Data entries
---+---

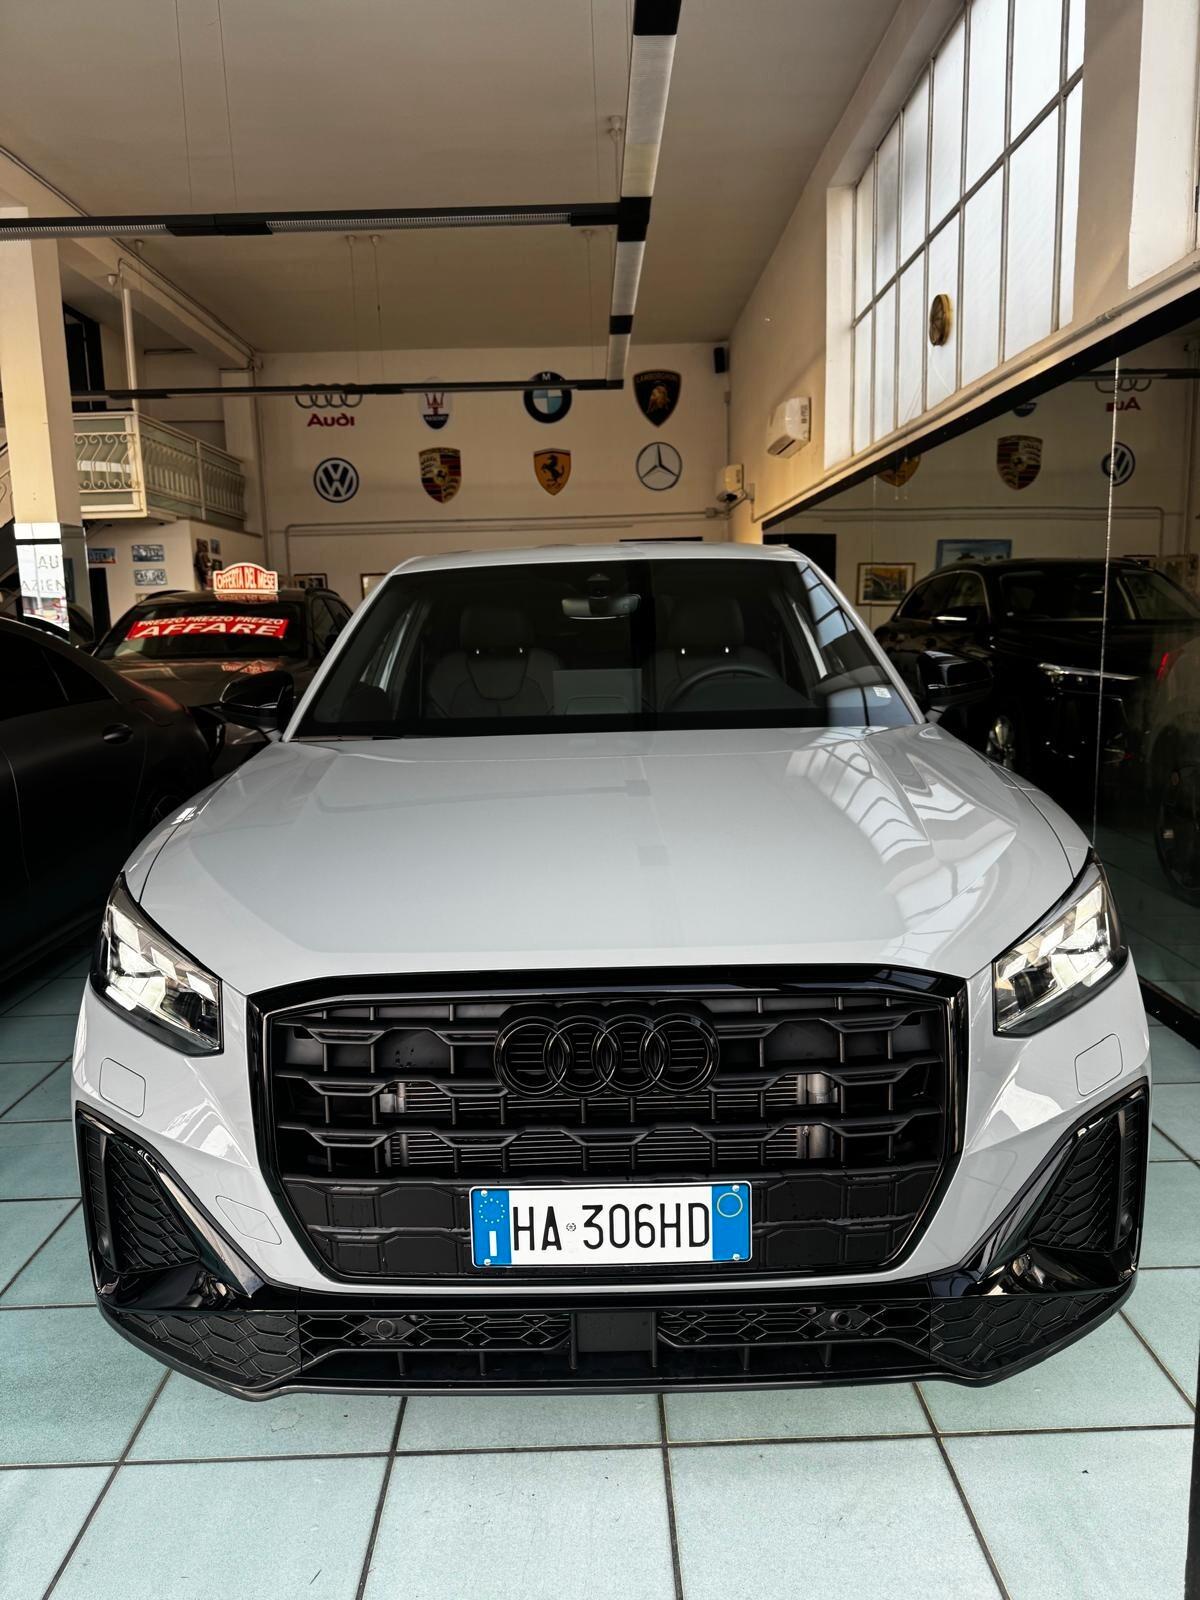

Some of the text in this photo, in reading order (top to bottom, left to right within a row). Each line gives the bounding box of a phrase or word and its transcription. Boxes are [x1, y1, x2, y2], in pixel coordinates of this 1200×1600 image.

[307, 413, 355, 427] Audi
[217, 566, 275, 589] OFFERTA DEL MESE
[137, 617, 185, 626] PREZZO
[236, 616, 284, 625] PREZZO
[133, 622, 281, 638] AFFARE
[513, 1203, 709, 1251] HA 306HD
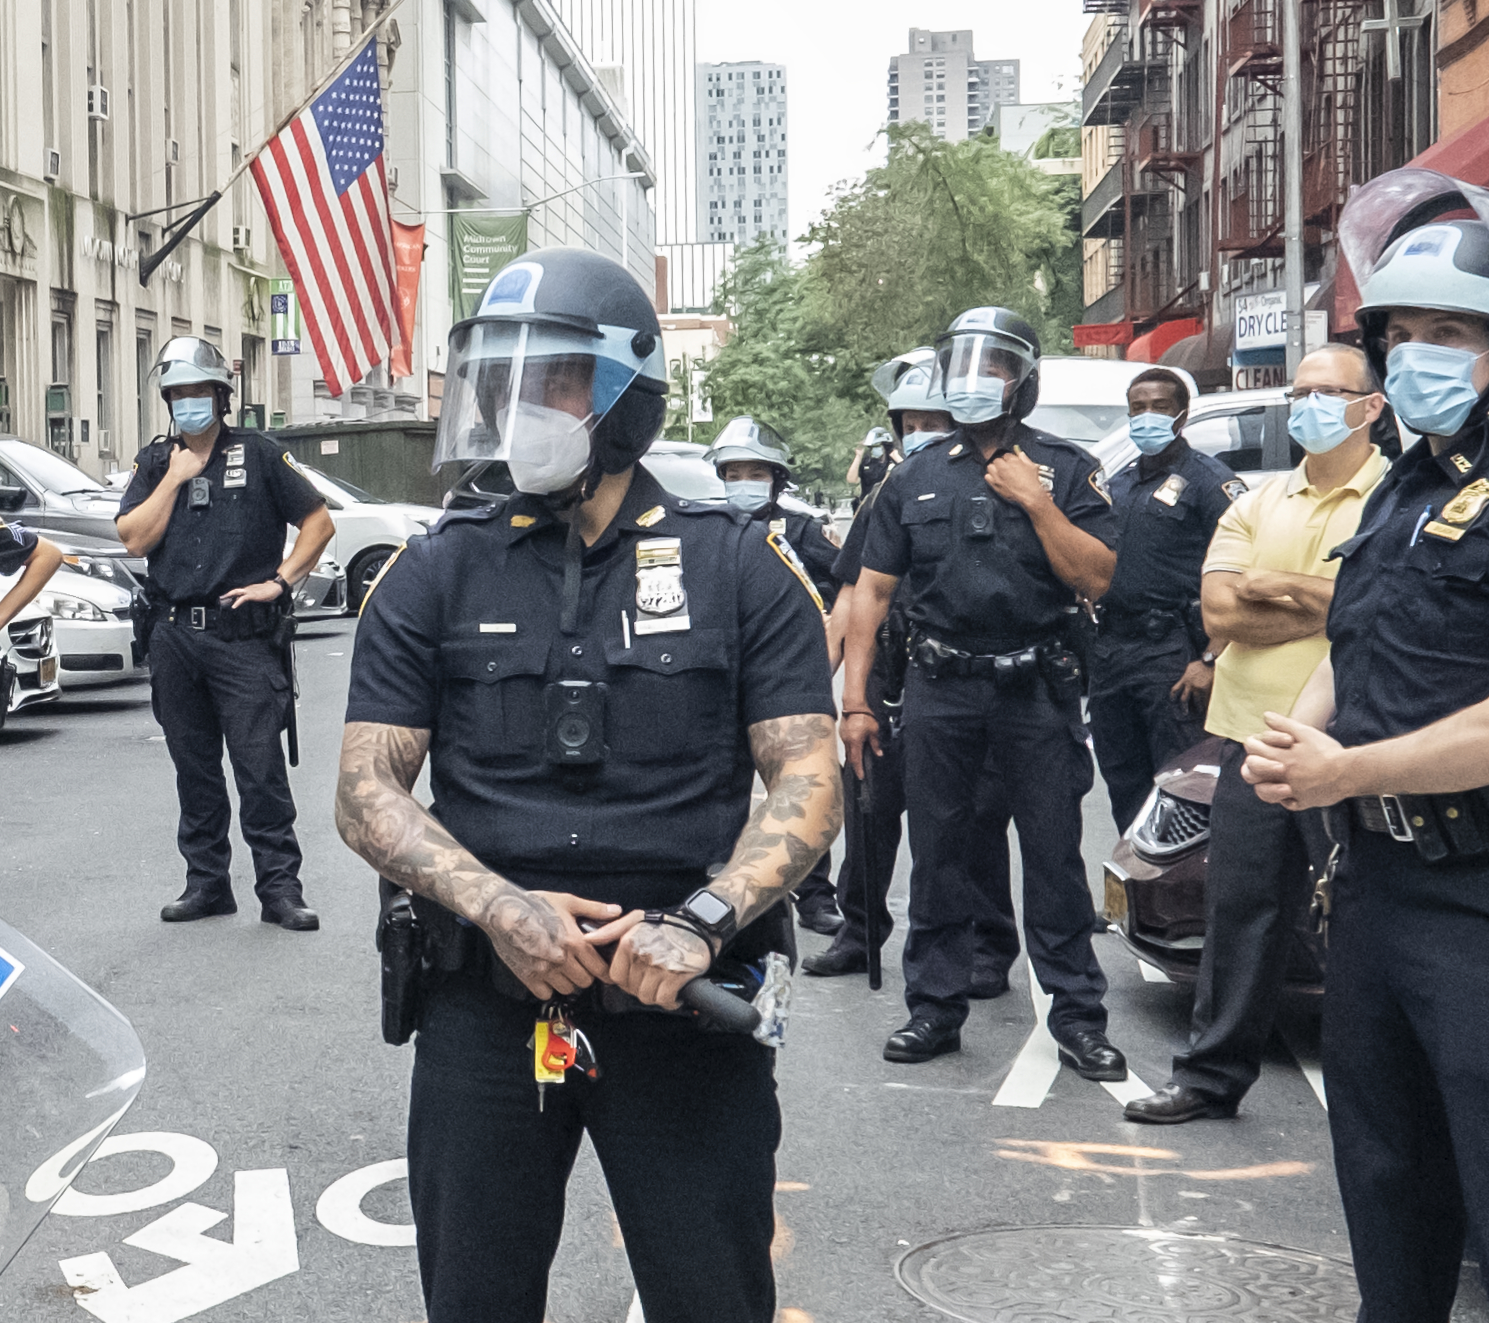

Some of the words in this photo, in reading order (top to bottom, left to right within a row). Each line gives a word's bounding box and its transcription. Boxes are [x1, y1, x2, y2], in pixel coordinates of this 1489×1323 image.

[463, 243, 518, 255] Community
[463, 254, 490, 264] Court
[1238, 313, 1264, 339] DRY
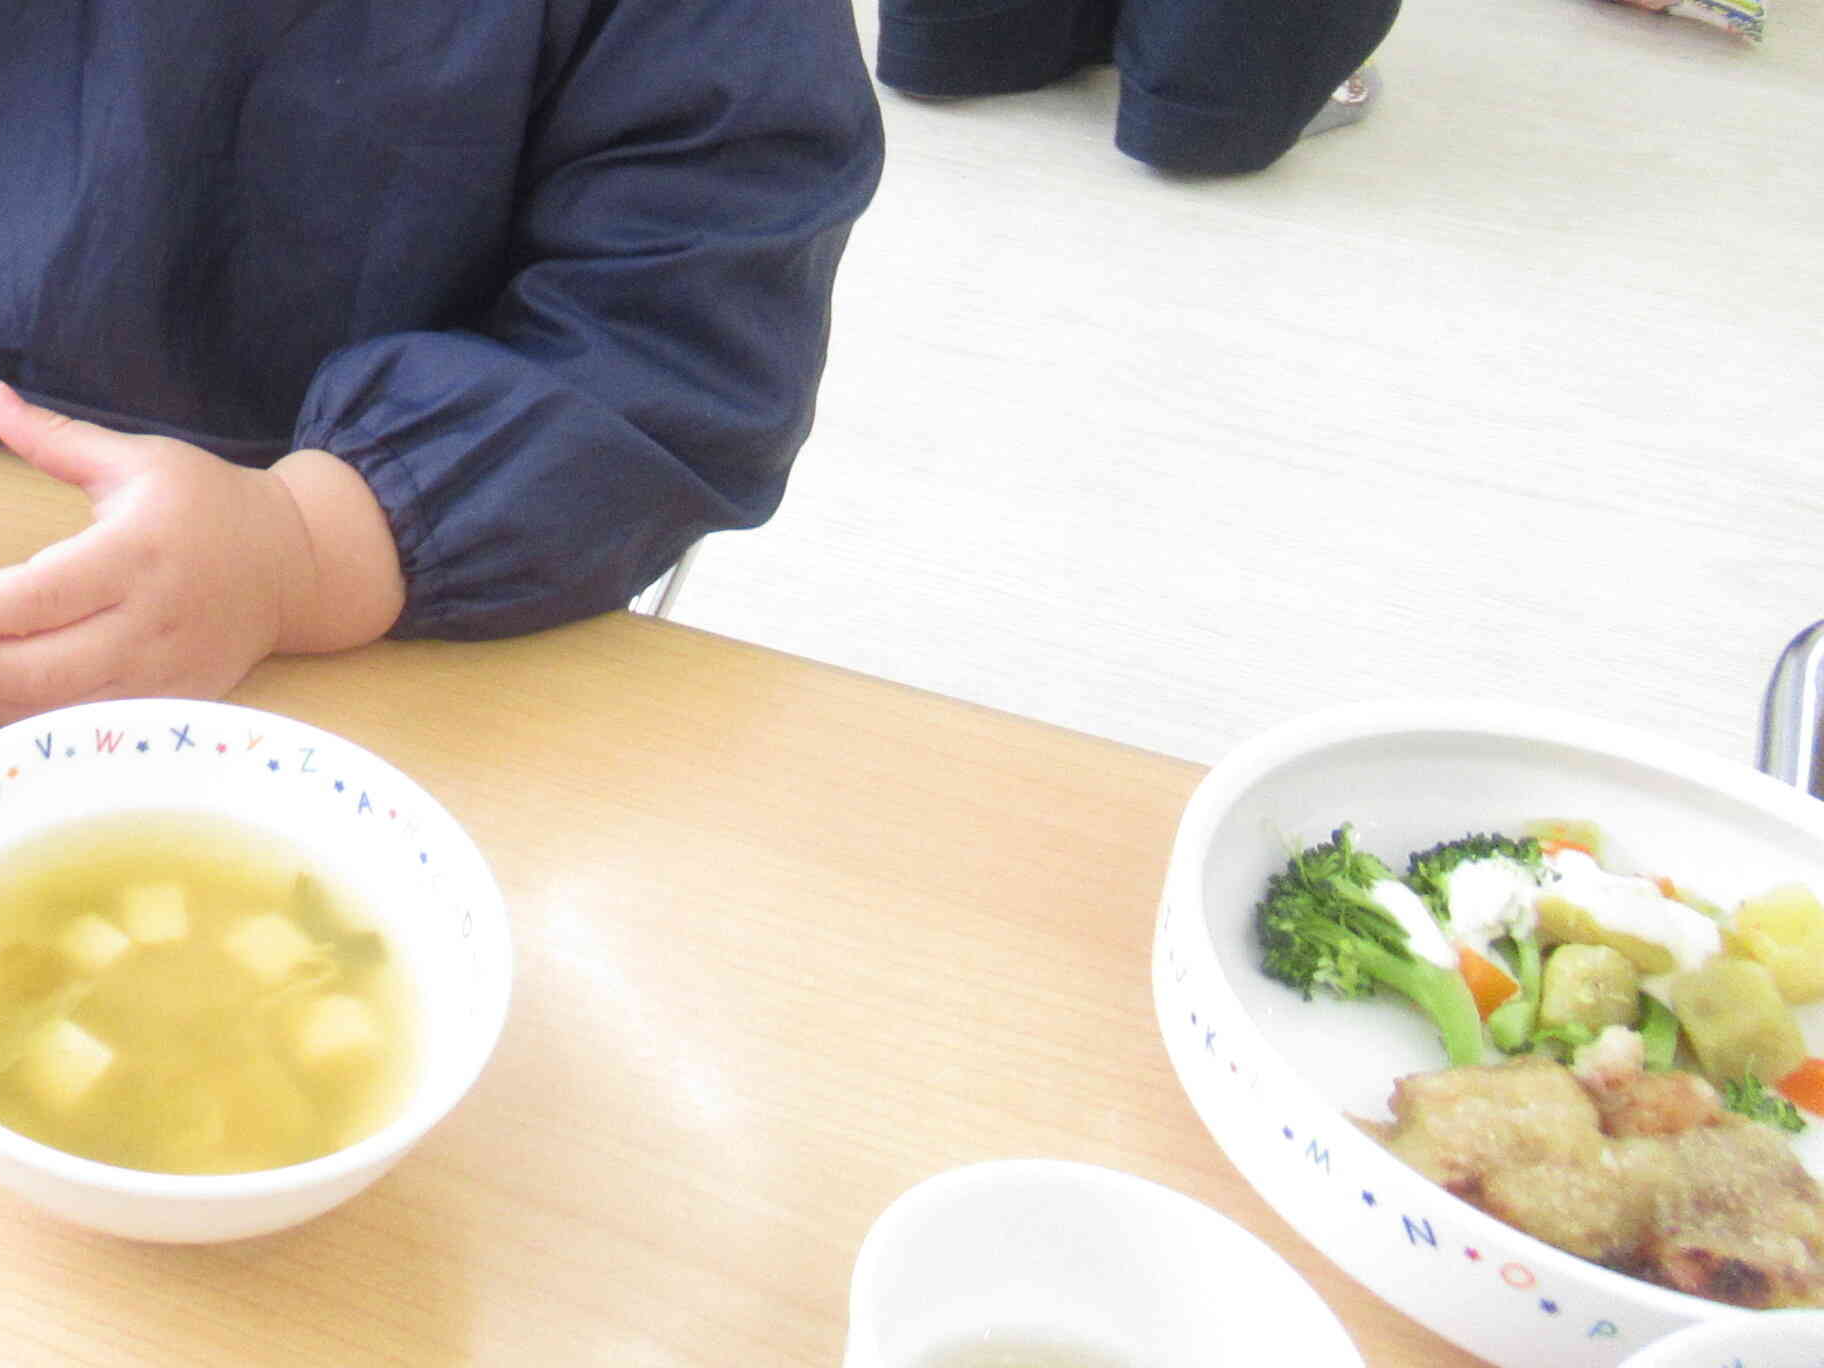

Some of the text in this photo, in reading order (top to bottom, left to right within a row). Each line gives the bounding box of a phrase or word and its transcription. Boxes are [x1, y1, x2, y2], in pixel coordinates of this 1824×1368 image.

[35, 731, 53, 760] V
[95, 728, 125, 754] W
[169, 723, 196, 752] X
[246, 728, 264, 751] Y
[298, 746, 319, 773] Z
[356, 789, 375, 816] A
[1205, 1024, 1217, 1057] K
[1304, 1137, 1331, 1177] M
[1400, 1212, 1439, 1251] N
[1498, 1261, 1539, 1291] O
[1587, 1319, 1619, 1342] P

---+---

WORK TO BE COMPLETED: Down to the last line, return the entries above exactly, with no pictures.

REPLY TO THE TASK:
Some of the text in this photo, in reading order (top to bottom, left to right within a row). Each line gives the bounding box of a phrase or word and its transcription. Boxes are [x1, y1, x2, y2], in pixel coordinates of this 1200×1600 image.

[307, 413, 355, 427] Audi
[217, 566, 275, 589] OFFERTA DEL MESE
[137, 617, 185, 626] PREZZO
[236, 616, 284, 625] PREZZO
[133, 622, 281, 638] AFFARE
[513, 1203, 709, 1251] HA 306HD

Some of the words in this photo, in reading order (top to bottom, left to right within a row). Each line gives a word's bounding box and its transcription. Boxes are [x1, y1, x2, y2], in pixel coordinates of this 1489×1323 image.

[463, 243, 518, 255] Community
[463, 254, 490, 264] Court
[1238, 313, 1264, 339] DRY

Some of the text in this photo, in reading order (top to bottom, left to right within a row). Each line gives the bounding box of a phrase or word and its transcription. Boxes are [x1, y1, x2, y2], in pixel coordinates of this 1824×1368 image.

[35, 731, 53, 760] V
[95, 728, 125, 754] W
[169, 723, 196, 752] X
[246, 728, 264, 751] Y
[298, 746, 319, 773] Z
[356, 789, 375, 816] A
[1205, 1024, 1217, 1057] K
[1304, 1137, 1331, 1177] M
[1400, 1212, 1439, 1251] N
[1498, 1261, 1539, 1291] O
[1587, 1319, 1619, 1342] P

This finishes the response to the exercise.